Истории драматургии театра кукол
Шрифт:
Все отчетливее в этих пьесах звучат ноты социальной усталости, разочарованности. Заложенный в драматургии Э. Успенского, Л. Корсунского, Г. Остера и других авторов скрытый социальный протест проявляется все отчетливей, к нему начинает добавляться предчувствие каких-то неотвратимых и скорых перемен.

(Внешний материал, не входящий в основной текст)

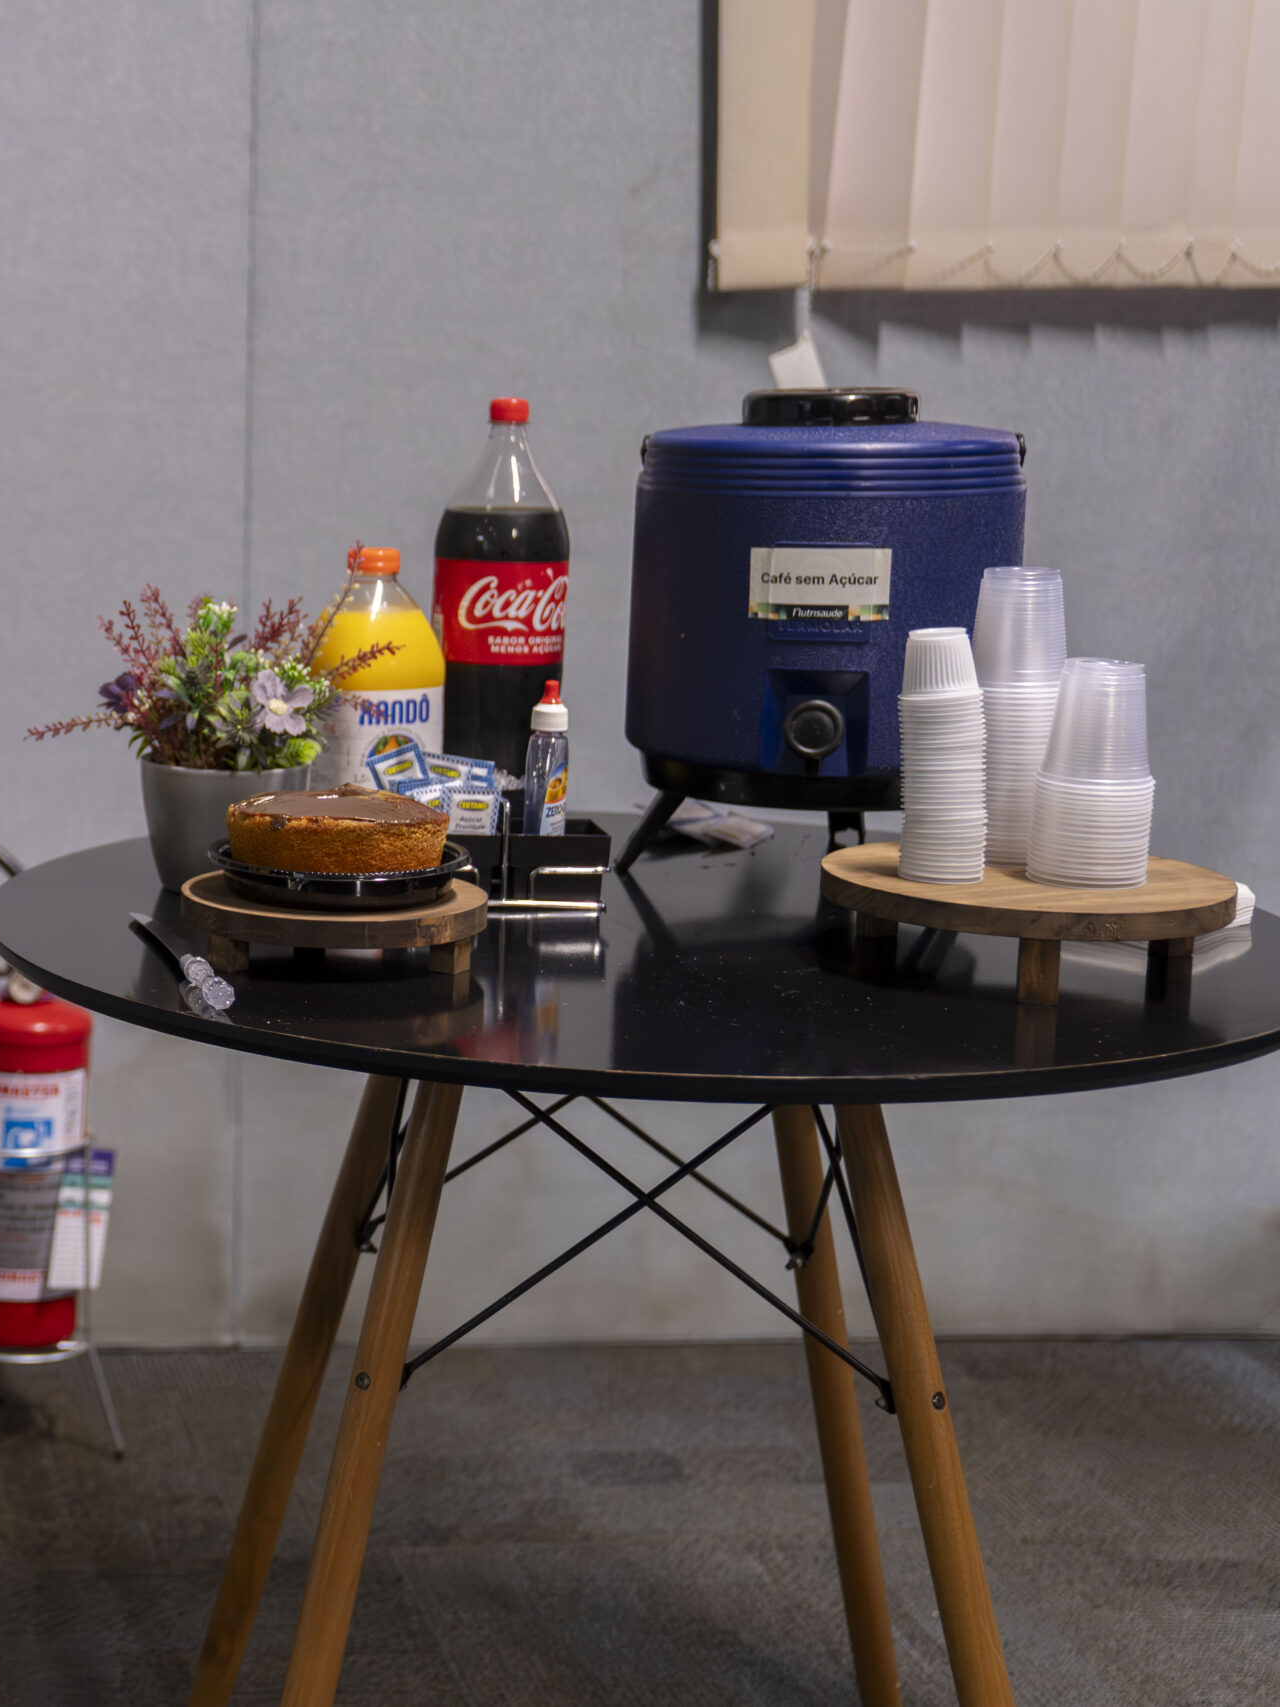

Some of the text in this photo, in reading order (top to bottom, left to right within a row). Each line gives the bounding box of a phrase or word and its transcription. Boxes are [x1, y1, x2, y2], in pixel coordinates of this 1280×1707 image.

Ярким представителем такой драматургии был Владимир Сергеевич Синакевич (1934–1985) – ленинградский прозаик, драматург. Литературно-театральую деятельность он начал во время «оттепели» в студенческом театре, будучи студентом-физиком Ленинградского политехнического института. Затем, повторив судьбу многих «шестидесятников» (М. Жванецкого, М. Задорнова, Э. Успенского и др.), стал профессиональным литератором. Сначала писал для эстрады, затем – для театра. В. Синакевич – автор многих репертуарных пьес («Любовь к одному апельсину», «Две царицы», «Дикий», «Мотоциклист», «Соловей и император», «Лобастый», «Как кошка с собакой» и др.).

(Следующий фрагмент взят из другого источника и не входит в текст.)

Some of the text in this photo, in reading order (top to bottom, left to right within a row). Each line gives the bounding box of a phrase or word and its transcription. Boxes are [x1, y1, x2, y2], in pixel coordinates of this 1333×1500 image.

Анализируя драматургию писателя, известный литературовед и театральный критик Е. Калмановский,
“Тарталья. Ты кто?
Мужичок. Я-то? Не видишь, что ли? Ангел. Закурить-то есть?
Тарталья. Нет, я не курю.
Мужичок. Эт-то правильно. Ну что ж, своих закурим…

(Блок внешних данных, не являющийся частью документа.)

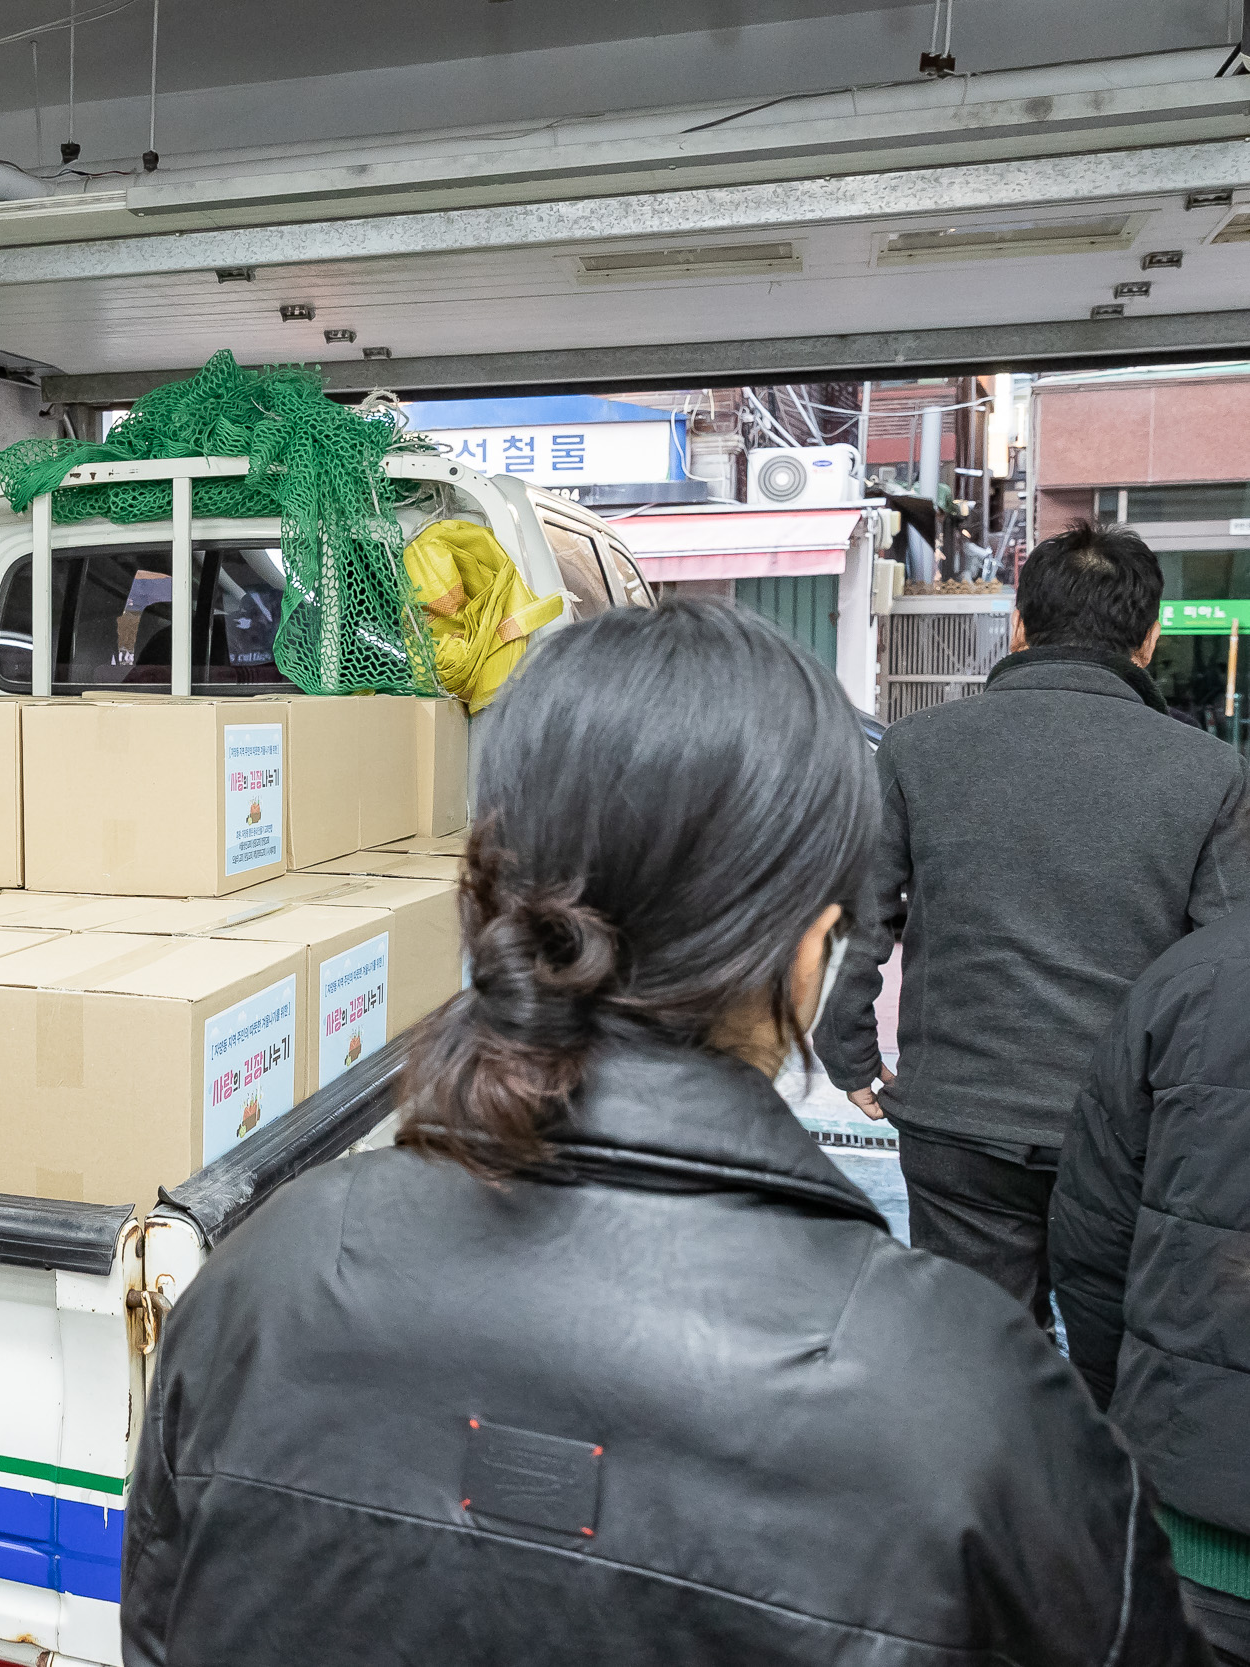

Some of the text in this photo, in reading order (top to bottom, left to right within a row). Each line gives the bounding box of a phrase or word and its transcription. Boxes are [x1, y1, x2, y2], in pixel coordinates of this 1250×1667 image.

Тарталья. А ангелы разве курят?
Мужичок. Так ить мы ж бессмертные, нам что. Все одно жить да жить”».
Е. Калмановский справедливо заметил, что изображенная в «Любви к одному апельсину» Италия везде и всюду какая-то русско-простонародная. И Труффальдино в то же время немного дядька Савельич. И волшебные силы – Клеонта со Старухой и Псом – еле-еле прячут деревенскую свою душевность, вовсю радуются доброму слову и ласковому поступку. «Синакевич сам по себе, – писал исследователь, – без тени сомнения он берется за кажущиеся азы. Так, например, получилась пьеса “Как кошка с собакой”. Дети, бывает, весело смеются над оказавшимися среди них заиками или рыжими. Люди одной национальности нередко подшучивают (самый легкий случай!) над другой […]. Синакевич тем сильнее волнуется: вроде бы на самом деле все тысячу раз заповедано, а по-прежнему сколько раздражений и вражды вокруг! Между тем, утверждает он, надо просто по-настоящему вглядеться, вслушаться, вдуматься в другого. Тогда не захочется ни злиться, ни пакостничать. С какой яростью (так повелось!) ненавидит Кота Пес, вообще-то истинно добрая душа, совестливый трудяга. Но как же горячо подружились они, претерпев испытания, получив возможность хорошо рассмотреть друг друга […]. Наивно? Отчасти, вероятно, да. Таков Синакевич […]. С упрямством Коперника он берется расставлять все по порядку, с самого начала. Притом огорчается, негодует, но и смеется, скорее всего, над самим собой тоже. И негодует, и смеется талантливо. Он такой. Сказка под названием “Лобастый” […] это небольшая пьеса, как будто лишенная очевидных театральных обольщений […]. Ей присущи все основные свойства, характерные для Синакевича. Только плотней фундамент горького недоумения и нескончаемой любви. “Но люблю мою бедную землю, оттого что иной не видал” […] Подобно своему Лобастому, Владимир Сергеевич мешал веру с разуверением, насмешливость с восторгом. И шел, шел до края, до предела» [374] .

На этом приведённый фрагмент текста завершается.